Wall Street’s top banks just posted second-quarter numbers that blew the lid off estimates, per financial reports reviewed by Cryptopolitan. BlackRock, JPMorgan, Wells Fargo, and Citigroup delivered historic figures that prove Trump’s antics don’t bother the trading floor at all.
BlackRock became the first asset manager in the world to cross $12 trillion under management. At the end of Q2, the firm reported $12.53 trillion in total assets, an 18% jump from the same time last year. The spike was fueled by $68 billion in net client inflows and the lift in U.S. equities to record highs.
Profit for the quarter came in at $1.59 billion, up from $1.5 billion a year ago. On a per-share basis, earnings reached $12.05, beating FactSet’s forecast of $10.78. Revenue also rose 13% to $5.42 billion, just under the $5.45 billion expected by analysts.
A big part of the growth came from BlackRock’s deeper push into private markets. The firm closed its acquisition of HPS Investment Partners, a major player in private credit, on July 1, just after the quarter ended. In a written statement, CEO Larry Fink said, “Our recent closing of HPS will help us build even more with clients as we head into our seasonally strongest second half of the year.” He added, “These are just the early days in our next phase of even stronger growth.”
This private credit deal positions BlackRock to keep raking in high-fee revenue as institutional clients continue shifting out of traditional markets. With this strategy in motion, the firm is widening its lead not just in assets under management but in influence across global capital flows.
On the banking side, Wells Fargo reported that it has finally crossed the $1.95 trillion asset level for the first time in over seven years. The bank now stands at $1.98 trillion in total assets, a jump that followed a major regulatory change in June when the Federal Reserve lifted a growth cap that had been in place since 2017.
The cap was originally imposed after a series of fake account scandals and compliance failures across multiple business lines. Those restrictions had prevented Wells Fargo from growing, costing it an estimated $39 billion in missed profit.
CEO Charlie Scharf addressed the development in a statement tied to the Q2 report, saying, “The lifting of the asset cap in the second quarter marked a pivotal milestone in Wells Fargo’s ongoing transformation.”
With that restriction gone, the bank can now expand its market-making, trading, and investment banking units, putting it back in direct competition with the larger U.S. banks it had fallen behind.
Citigroup had a standout quarter in trading. Fixed-income revenue jumped 20% to $4.3 billion, beating Bloomberg’s estimate of $3.9 billion. The stock trading desk brought in $1.6 billion, also above projections, driven by a surge in prime balances to record levels.

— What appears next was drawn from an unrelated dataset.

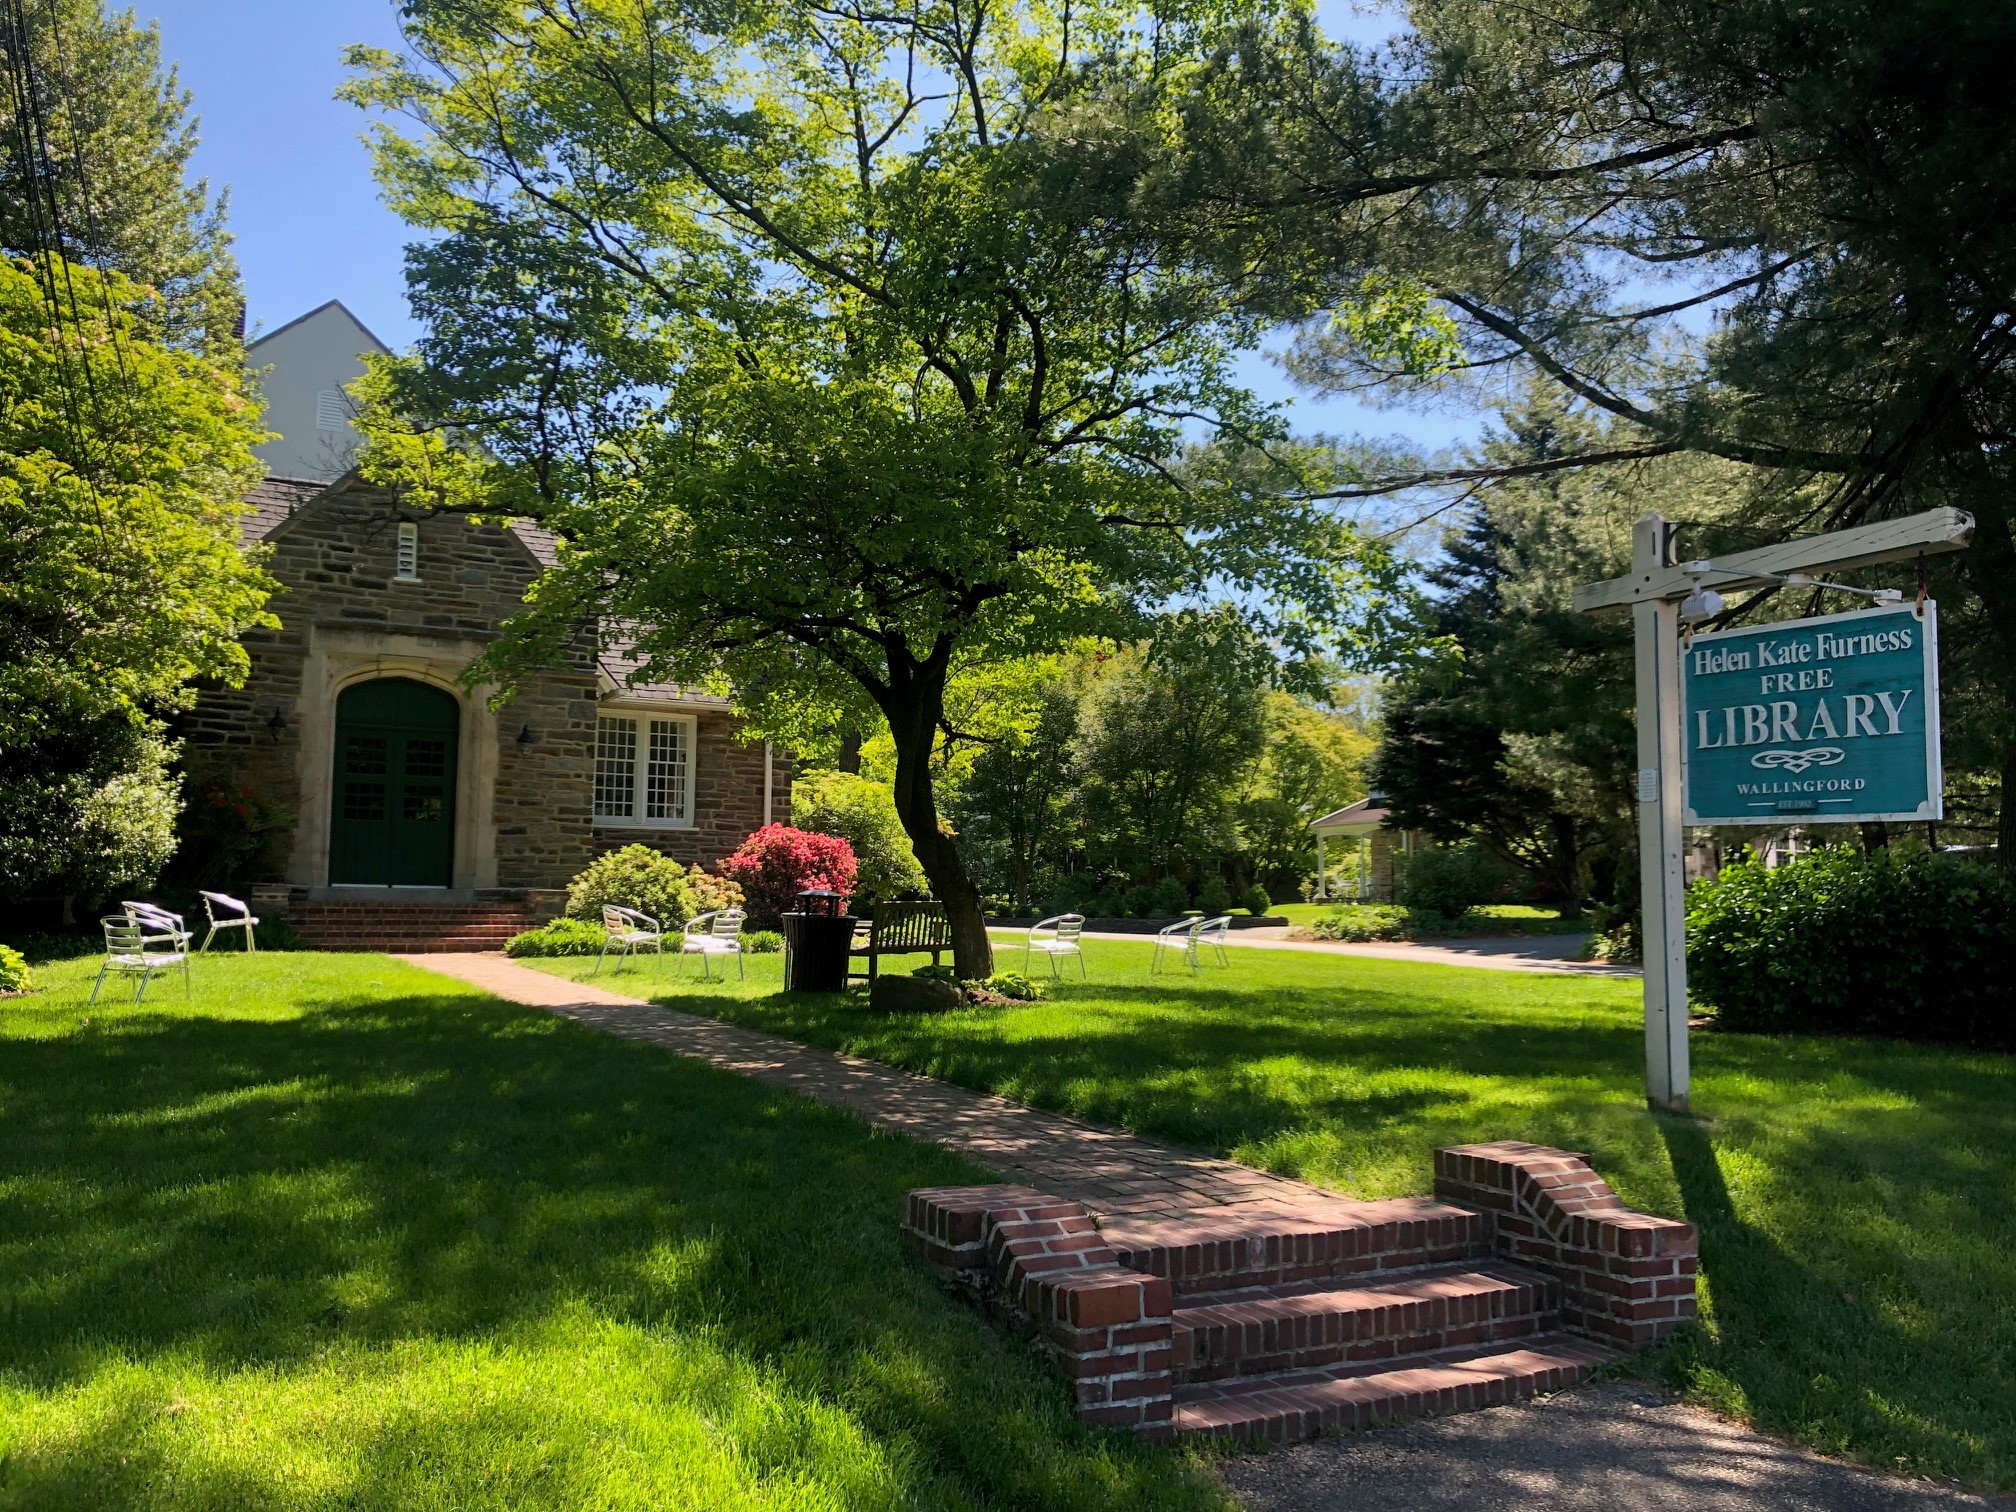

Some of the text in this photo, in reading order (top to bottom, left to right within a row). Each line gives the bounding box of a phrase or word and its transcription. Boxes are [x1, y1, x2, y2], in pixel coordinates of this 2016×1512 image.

Market volatility played a key role in this, as traders responded to unpredictable price swings after Donald Trump announced a series of new tariffs on multiple trading partners earlier this year. These changes rattled global markets and triggered a rise in client trading activity.
CEO Jane Fraser commented on the results, stating, “We’re improving the performance of each of our businesses to take share and drive higher returns.” The five-year high in quarterly trading performance shows just how much client flow and risk appetite have returned to the system.
JPMorgan didn’t miss either. The bank’s fixed-income trading revenue hit $5.69 billion, up 14% from the previous year’s quarter. The performance was led by strong results across currencies, emerging markets, commodities, and rates.
CEO Jamie Dimon connected the success to clearer policy under Trump’s administration, pointing to changes in the tax code. “I think it has the benefit of creating clarity around corporate and business taxes, and R&D expenses and things like that. So I’m not talking about the rest of the bill, just the tax side.”